* _ABOUT THIS TASK_
Each line of the listing below should come back exactly as it is.

--

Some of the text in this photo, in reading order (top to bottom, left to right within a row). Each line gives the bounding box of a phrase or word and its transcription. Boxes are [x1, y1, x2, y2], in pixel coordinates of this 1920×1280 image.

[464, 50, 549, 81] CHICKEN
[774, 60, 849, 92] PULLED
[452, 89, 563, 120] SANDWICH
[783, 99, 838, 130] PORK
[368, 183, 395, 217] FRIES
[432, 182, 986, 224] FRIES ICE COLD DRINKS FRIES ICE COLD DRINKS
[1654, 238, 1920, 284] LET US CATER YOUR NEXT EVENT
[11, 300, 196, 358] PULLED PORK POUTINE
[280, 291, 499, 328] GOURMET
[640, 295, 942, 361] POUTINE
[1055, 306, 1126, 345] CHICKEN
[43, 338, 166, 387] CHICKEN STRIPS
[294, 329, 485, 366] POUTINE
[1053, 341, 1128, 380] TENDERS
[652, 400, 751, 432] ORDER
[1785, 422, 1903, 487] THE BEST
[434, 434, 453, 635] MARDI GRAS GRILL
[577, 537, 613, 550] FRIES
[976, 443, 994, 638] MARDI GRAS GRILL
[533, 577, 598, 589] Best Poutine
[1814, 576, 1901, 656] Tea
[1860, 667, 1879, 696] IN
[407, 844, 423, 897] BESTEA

--

* _SOLVED EXERCISE_
Some of the text in this photo, in reading order (top to bottom, left to right within a row). Each line gives the bounding box of a phrase or word and its transcription. Boxes are [x1, y1, x2, y2], in pixel coordinates of this 1920×1280 image.

[464, 50, 549, 81] CHICKEN
[774, 60, 849, 92] PULLED
[452, 89, 563, 120] SANDWICH
[783, 99, 838, 130] PORK
[368, 183, 395, 217] FRIES
[432, 182, 986, 224] FRIES ICE COLD DRINKS FRIES ICE COLD DRINKS
[1654, 238, 1920, 284] LET US CATER YOUR NEXT EVENT
[11, 300, 196, 358] PULLED PORK POUTINE
[280, 291, 499, 328] GOURMET
[640, 295, 942, 361] POUTINE
[1055, 306, 1126, 345] CHICKEN
[43, 338, 166, 387] CHICKEN STRIPS
[294, 329, 485, 366] POUTINE
[1053, 341, 1128, 380] TENDERS
[652, 400, 751, 432] ORDER
[1785, 422, 1903, 487] THE BEST
[434, 434, 453, 635] MARDI GRAS GRILL
[577, 537, 613, 550] FRIES
[976, 443, 994, 638] MARDI GRAS GRILL
[533, 577, 598, 589] Best Poutine
[1814, 576, 1901, 656] Tea
[1860, 667, 1879, 696] IN
[407, 844, 423, 897] BESTEA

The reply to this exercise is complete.